A vederla sembra una comunissima petunia, una delle tante che adornano in estate i nostri balconi assolati. E invece ‘Edunia’ è un’esemplare decisamente speciale: nelle sue “vene” infatti scorre sangue umano… A dirlo così, sembra di precipitare in un film in stile Frankenstein. Invece è tutto vero. La petunia metà pianta e metà uomo esiste davvero ed è il frutto della Bioarte di Eduardo Kac, artista le cui creazioni sfuggono alla generale denominazione di opera artistica. Kac infatti usa strumenti molto particolari per i suoi lavori: provette e formule, tipiche del lavoro degli scienziati, più che degli artisti.
L’idea di Kac è stimolante e inquietante insieme: creare un legame fisico con altre forme di vita, come quella vegetale e, con l’aiuto dei geni, dare origine a nuovi esseri viventi. Da qui nasce ‘Edunia‘, una petunia nel cui DNA l’artista ha inserito una parte del proprio codice genetico: dunque un fiore ibrido, che esprime, nelle intense venature dei suoi petali, anche una piccola parte del suo “creatore”.
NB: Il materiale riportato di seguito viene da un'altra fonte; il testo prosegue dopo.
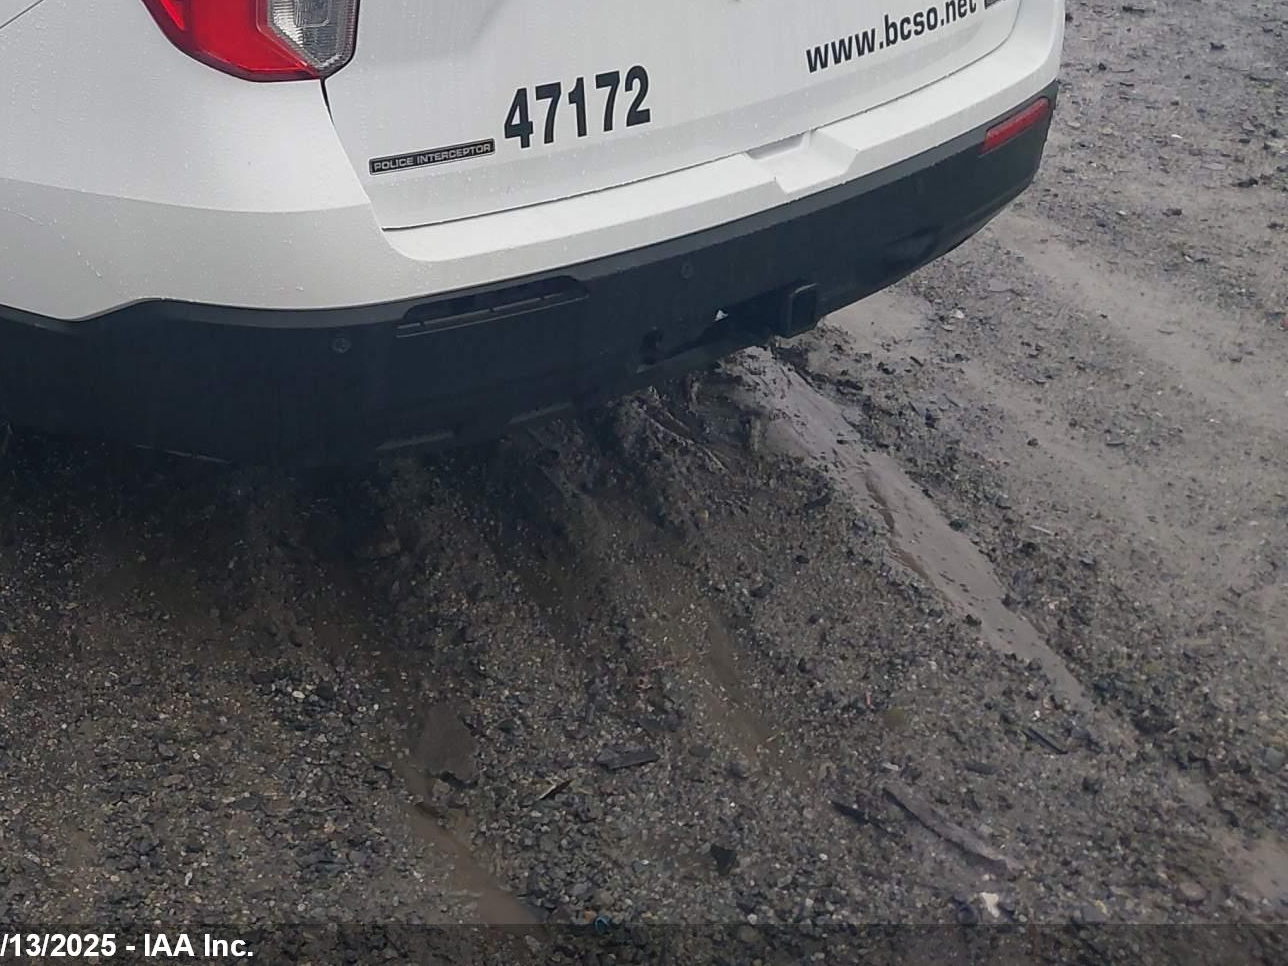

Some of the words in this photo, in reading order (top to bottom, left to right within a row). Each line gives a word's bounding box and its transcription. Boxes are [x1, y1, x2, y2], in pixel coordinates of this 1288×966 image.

[504, 65, 651, 149] 47172
[373, 157, 414, 171] POLICE
[416, 143, 491, 164] INTERCEPTOR
Non meno clamore ha suscitato un’altra delle sue “opere”: il coniglio verde (progetto GFP Bunny). Anche in questo caso il DNA di Alba, il coniglio transgenico albino, è stato alterato: artificialmente è stato inserito il gene di una medusa fluorescente, motivo per cui l’animale, se illuminato da una luce particolare, appare completamente verde. Nel progetto Essay Concerning Human Understanding invece si studiano le relazioni tra un canarino e un filodendro: attraverso dei sensori, il canto del canarino arriva alla pianta, e le influenze elettromagnetiche prodotte dal vegetale sono simultaneamente restituite alla gabbia dell’animale.
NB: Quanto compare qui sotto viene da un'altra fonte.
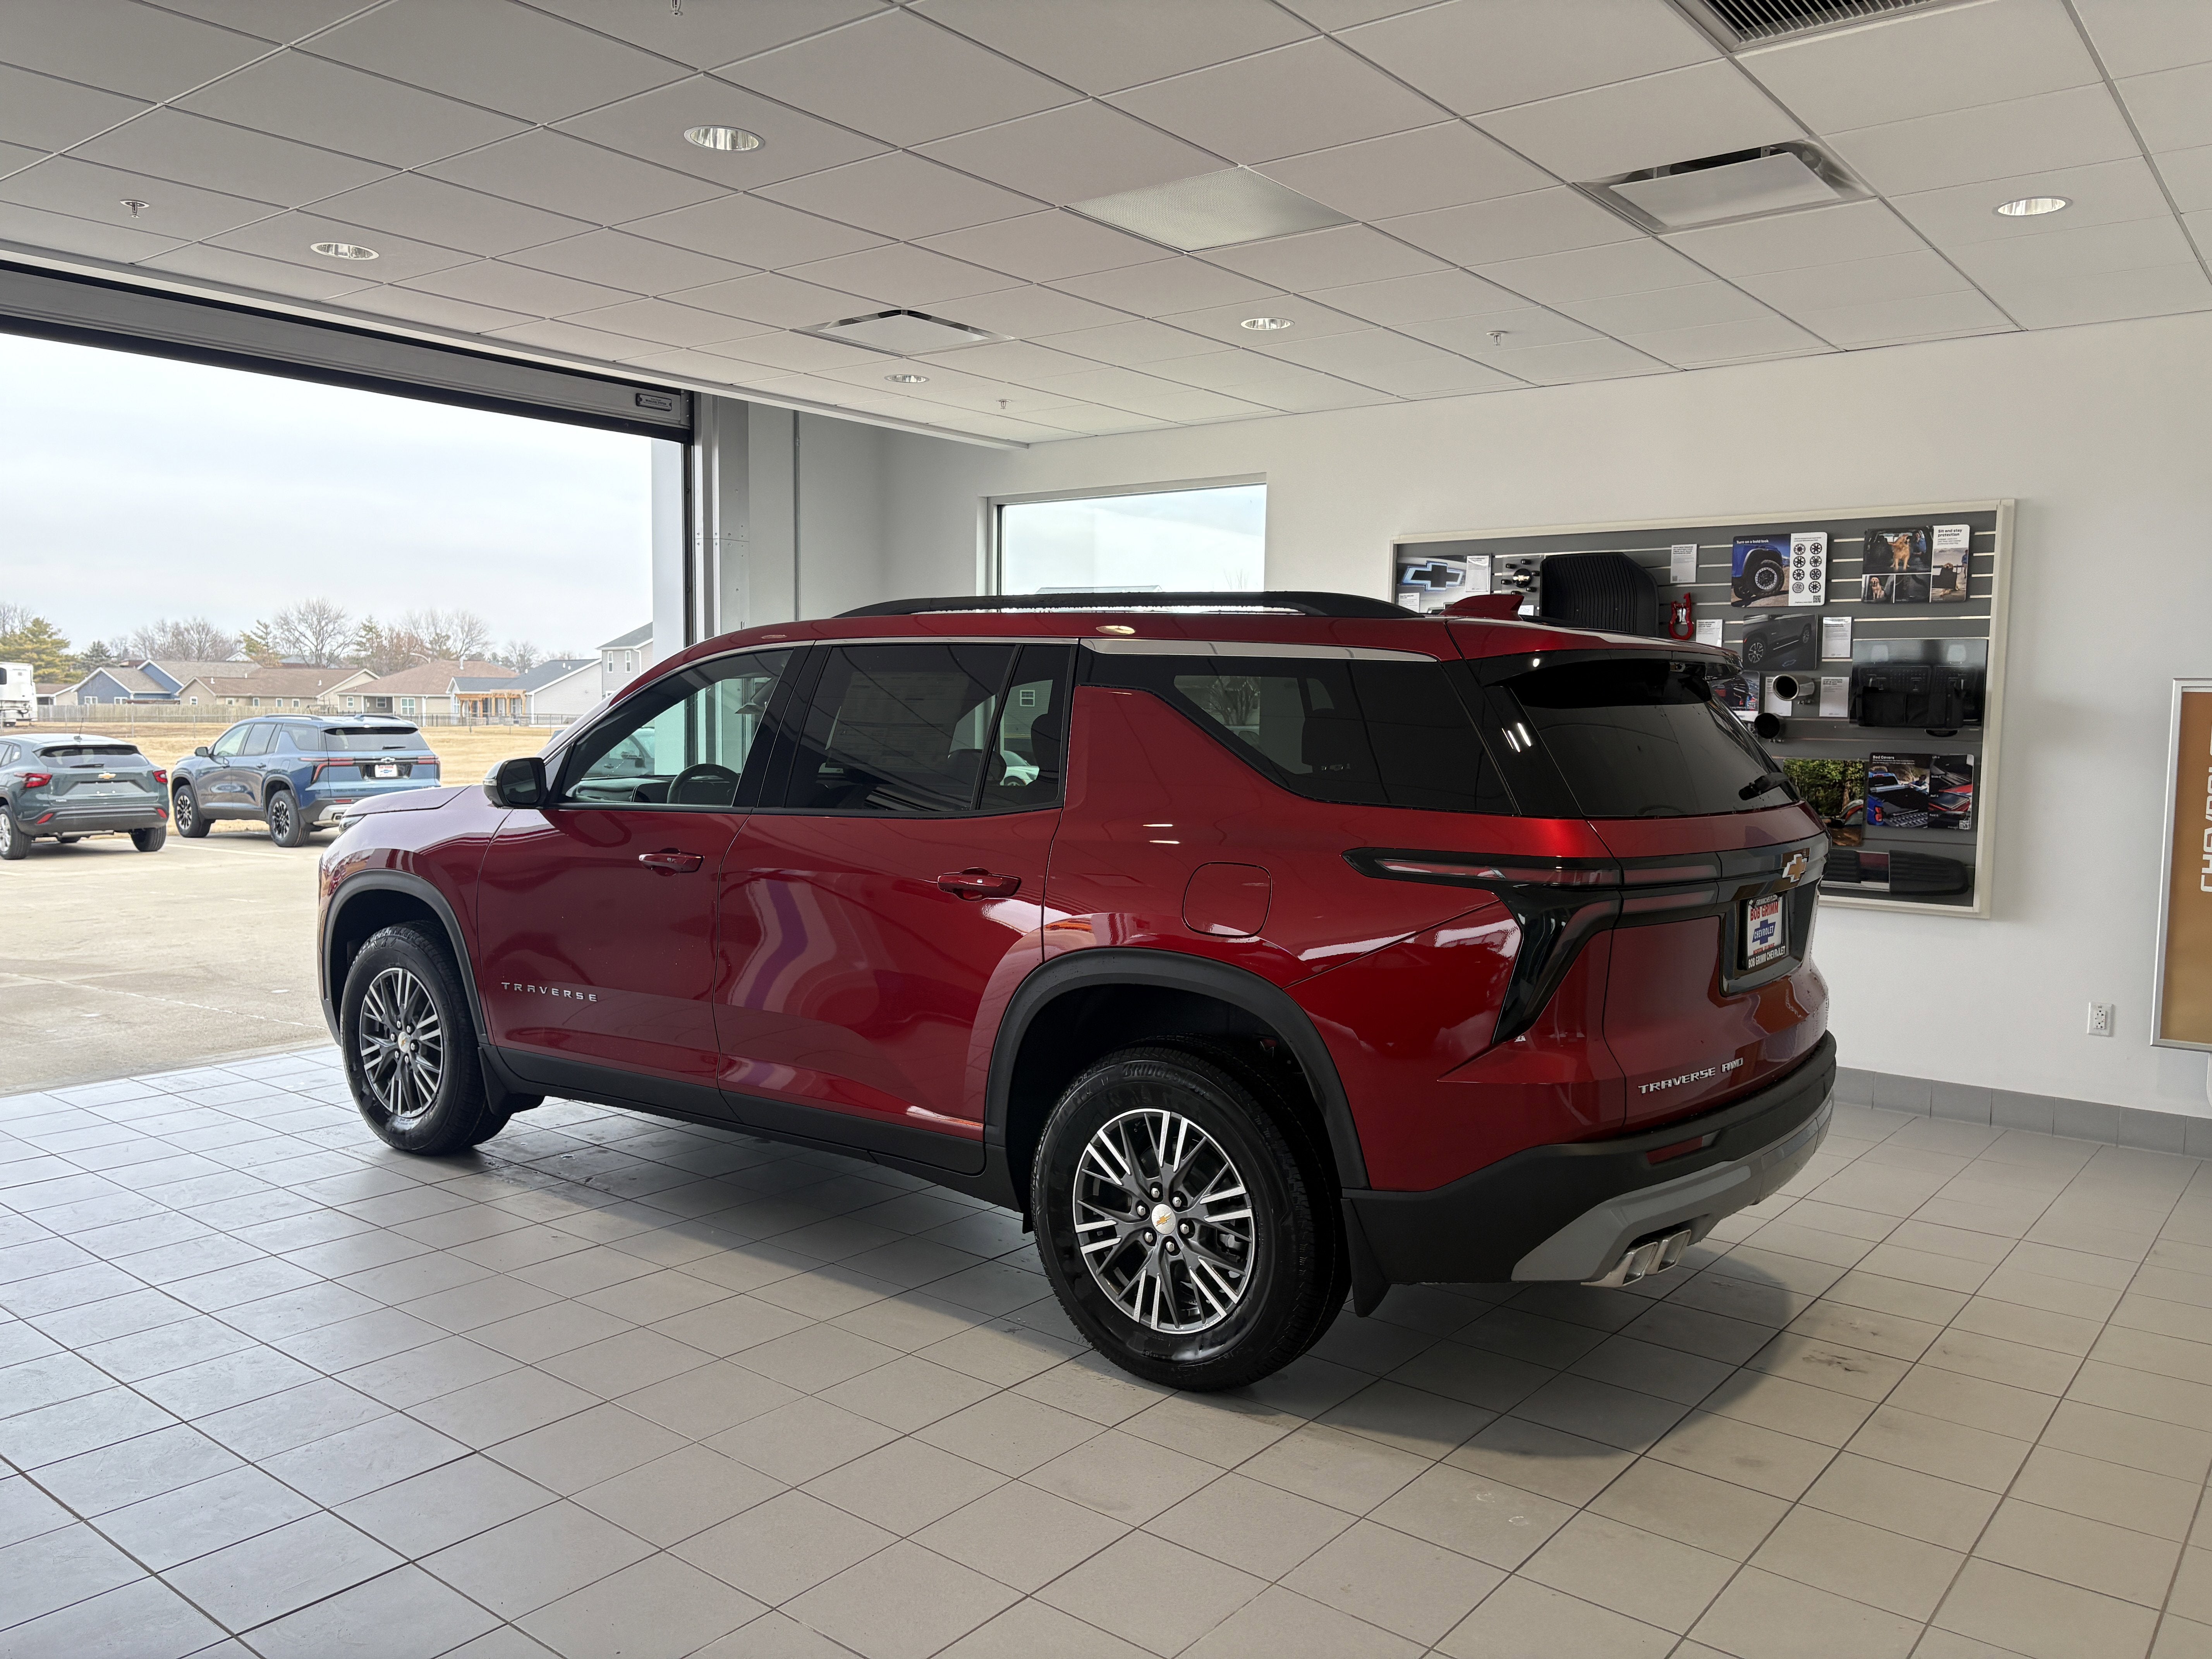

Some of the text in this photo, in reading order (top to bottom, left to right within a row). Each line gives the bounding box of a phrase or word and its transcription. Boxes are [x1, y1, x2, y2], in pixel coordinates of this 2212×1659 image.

I lavori di Kac si pongono pericolosamente sul limite estremo della sperimentazione genetica scatenando grandi dibattiti sul confine morale della manipolazione del DNA e delle sue possibili conseguenze. Curiosi? La controversa Bioarte di Kac è presente per la prima volta in Italia alla mostra Living works, fino al 25 settembre al Pav (Parco di Arte Vivente) di Torino.